One of the more important players in Tuesday's Sugar Bowl between No. 1 Florida State and No. 2 Virginia Tech will be a redshirt freshman who gets teased mercilessly by his teammmates.
It's not Hokies quarterback Michael Vick. It's Florida State tackle Brett Williams.
"Ol' baby face," Florida State senior guard Jason Whitaker said. "What can you say about him?"
Actually, quite a bit has been said about Williams, a 6-foot-6, 315-pound product of Kissimmee, Fla., who has blond hair, big blue eyes and, truly, a baby face. Tuesday night, having been named a first-team freshman all-American by the Sporting News, Williams also will have the assignment of blocking Corey Moore and John Engelberger, Virginia Tech's star defensive ends.
"I hate to brag about them too much when they're young, but he's an extremely talented guy," Florida State offensive coordinator Mark Richt said. "He really could do everything you could ask a tackle to do. Pass protection, run block, just a great athlete. . . . He's never flinched or fainted in any tough situation."

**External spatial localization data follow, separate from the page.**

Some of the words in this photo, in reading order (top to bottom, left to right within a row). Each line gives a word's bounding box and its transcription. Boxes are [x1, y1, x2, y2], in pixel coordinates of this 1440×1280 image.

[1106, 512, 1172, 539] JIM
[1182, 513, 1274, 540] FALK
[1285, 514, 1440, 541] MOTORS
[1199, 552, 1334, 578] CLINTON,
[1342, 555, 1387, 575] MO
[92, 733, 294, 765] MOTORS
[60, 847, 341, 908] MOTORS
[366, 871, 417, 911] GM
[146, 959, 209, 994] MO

And he has a tough one against Virginia Tech. Williams, 19, will face both Moore and Engelberger during the game because Florida State's offensive linemen aren't assigned to the left side or right side of the field, but rather to the wide side of the field or the short side, which can change from one play to the next.
Beamer Pledges Allegiance
Virginia Tech Coach Frank Beamer pledged his allegiance to the school today while still leaving open the possibility that he might someday leave to coach somewhere else. "I don't think you ever say never, but I don't have any desire to leave Blacksburg," he said. "I like what Virginia Tech is all about, I like the people and it would take a lot for me to leave." . . .

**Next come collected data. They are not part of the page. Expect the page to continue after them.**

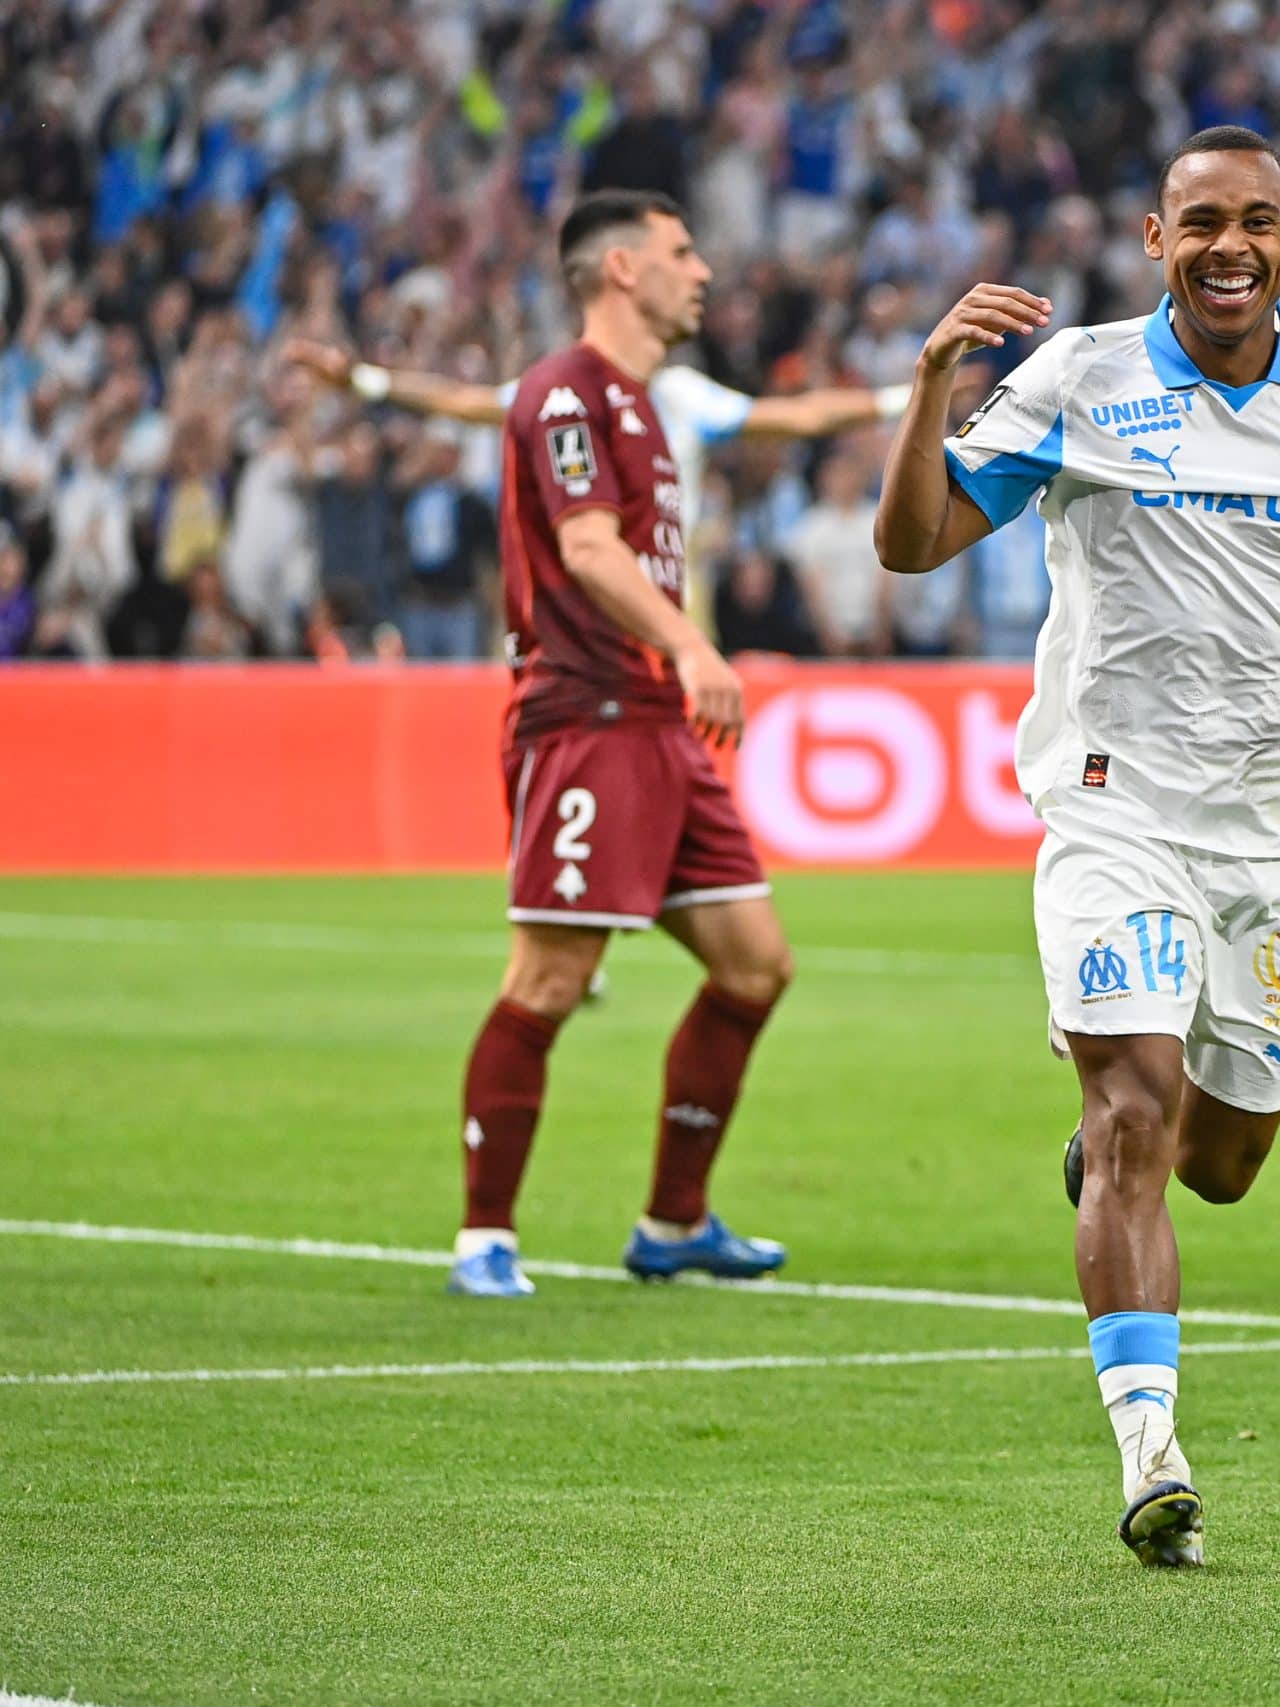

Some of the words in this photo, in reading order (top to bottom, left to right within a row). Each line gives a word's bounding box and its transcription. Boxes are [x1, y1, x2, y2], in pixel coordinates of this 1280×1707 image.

[1091, 389, 1194, 426] UNIBET
[552, 787, 597, 861] 2
[1125, 911, 1187, 997] 14
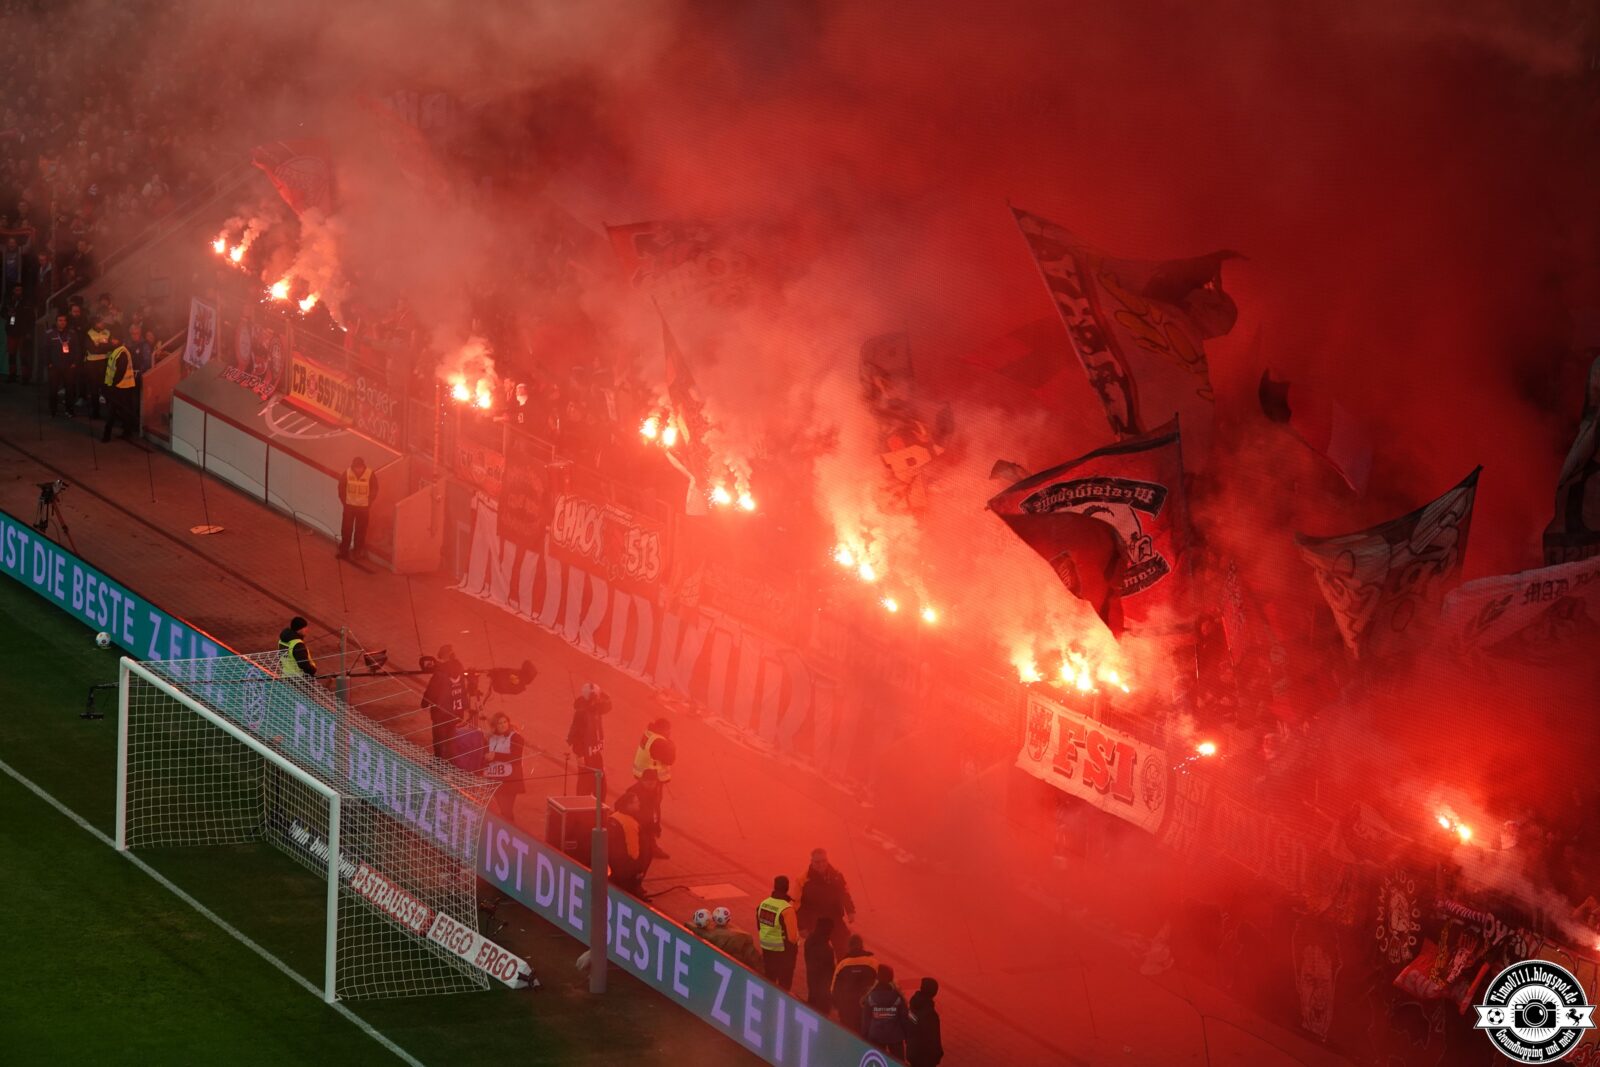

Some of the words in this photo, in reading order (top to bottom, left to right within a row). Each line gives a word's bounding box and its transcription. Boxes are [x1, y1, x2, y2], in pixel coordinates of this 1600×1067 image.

[0, 519, 28, 575] IST
[33, 540, 66, 600] DIE
[72, 564, 136, 646] BESTE
[626, 522, 661, 582] 513
[1053, 713, 1137, 807] FSI
[363, 872, 417, 924] STRAUSS
[431, 914, 475, 956] ERGO
[475, 942, 519, 982] ERGO
[485, 821, 529, 893] IST
[535, 853, 585, 931] DIE
[607, 895, 691, 999] ESTE
[710, 959, 819, 1067] ZEIT

Beamer also spoke at unusual length about the near fatal accident he endured when he was 7 years old that still leaves him scarred. Beamer inadvertently ignited a gas fire in the garage on his father's farm, setting off an explosion. His older brother saved his life by rolling him around on the grass to put out the flames, but what followed over the next three years was nearly as bad--30 skin graft operations, many of which weren't successful.
That was more than 46 years ago, but Beamer said it's a memory that makes the rest of his life a little easier--and makes the pressure of coaching in his first national championship game a little lighter.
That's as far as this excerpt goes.